Explaination for IntelliJ default hashCode() implementation

I took a look at the IntelliJ default hashCode() implementation and was wondering, why they implemented it the way they did. I'm quite new to the hash concept and found some contradictory statements, that need clarification:

public int hashCode(){
  // creationDate is of type Date
  int result = this.creationDate != null ? this.creationDate.hashCode() : 0;
  // id is of type Long (wrapper class)
  result = 31 * result + (this.id != null ? this.id.hashCode() : 0);
  // code is of type String
  result = 31 * result + (this.code != null ? this.code.hashCode() : 0);
  // revision is of type int
  result = 31 * result + this.revision;
  return result;
}

Imo, the best source about this topic seemed to be this Java world article because I found their arguments most convincing. So I was wondering:

  1. Among other arguments, above source states that multiplication is one of the slower operations. So, wouldn't it be better to skip the multiplication with a prime number whenever I call the hashCode() method of a reference type? Because most of the time this already includes such a multiplication.
  2. Java world states that bitwise XOR ^ also improves the computation due to not mentioned reasons : ( What exactly might be an advantage in comparison to regular addition?
  3. Wouldn't it be better to return different values when the respective class field is null? It would make the result more distinguishable, wouldn't it? Are there any huge disadvantages to use non-zero values?

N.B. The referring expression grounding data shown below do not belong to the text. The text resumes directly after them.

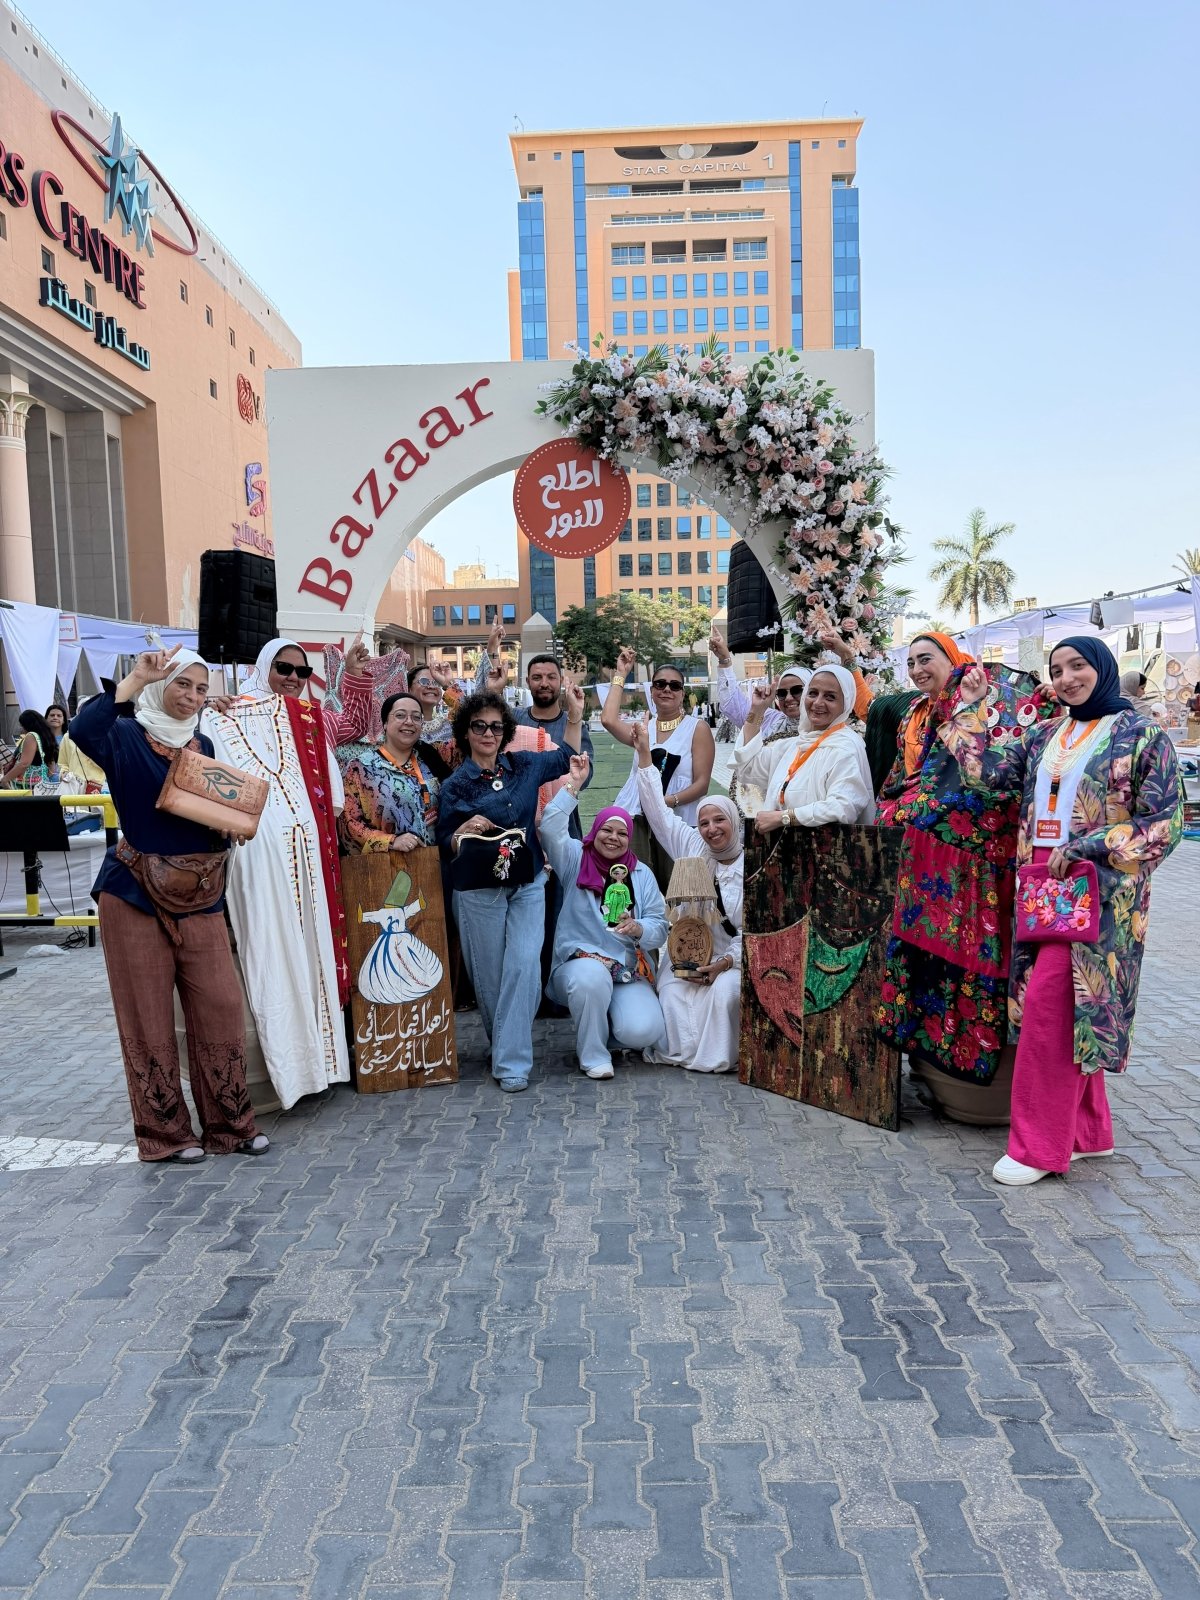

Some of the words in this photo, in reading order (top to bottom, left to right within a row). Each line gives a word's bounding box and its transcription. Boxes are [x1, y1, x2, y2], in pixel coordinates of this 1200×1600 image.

[622, 165, 669, 176] STAR
[679, 161, 752, 174] CAPITAL
[762, 152, 775, 170] 1
[297, 377, 494, 612] Bazaar
[538, 459, 601, 510] اطلع
[544, 498, 604, 539] للنور

Their example code looks more appealing to my eye, tbh: 

  public boolean hashCode() {
    return
     (name  == null ? 17 : name.hashCode()) ^ 
     (birth == null ? 31 : name.hashCode());
  }

But I'm not sure if that's objectively true. I'm also a little bit suspicious of IntelliJ because their default code for equals(Object) compares by instanceof instead of comparing the instance classes directly. And I agree with that Java world article that this doesn't seem to fulfill the contract correctly.

Upvotes: 4

Views: 1130

Answers (1)

Jiri Tousek
Jiri Tousek

Reputation: 12440

As for hashCode(), I would consider it more important to minimize collisions (two different objects having same hashCode()) than the speed of the hashCode() computation. Yes, the hashCode() should be fast (constant-time if possible), but for huge data structures using hashCode() (maps, sets etc.) the collisions are more important factor.

If your hashCode() function performs in constant time (independent on data and input size) and produces a good hashing function (few collisions), asymptotically the operations (get, contains, put) on map will perform in constant time.

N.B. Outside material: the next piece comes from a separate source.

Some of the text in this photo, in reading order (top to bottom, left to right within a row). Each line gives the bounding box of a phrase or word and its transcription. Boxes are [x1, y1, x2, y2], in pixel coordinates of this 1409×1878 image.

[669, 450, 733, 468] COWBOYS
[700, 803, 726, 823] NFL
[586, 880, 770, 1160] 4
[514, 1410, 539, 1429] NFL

If your hashCode() function produces a lot of collisions, the performance will suffer. In extreme case, you can always return 0 from hashCode() - the function itself will be super-fast, but the map operations will perform in linear time (i.e. growing with map size).

Multiplying the hashCode() before adding another field's sub-hashCode should usually provide for less collisions - this is a heuristic based on that often the fields contain similar data / small numbers.

Consider an example of class Person:

class Person {
    int age;
    int heightCm;
    int weightKg;
}

If you just added the numbers together to compute the hashCode, the result would be somewhere between 60 and 500 for all persons. If you multiply it the way Idea does, you will get hashCodes between 2000 and more than 100000 - much bigger space and therefore lower chance of collisions.

Using XOR is not a very good idea, for example if you have class Rectangle with fields height and width, all squares would have the same hashCode - 0.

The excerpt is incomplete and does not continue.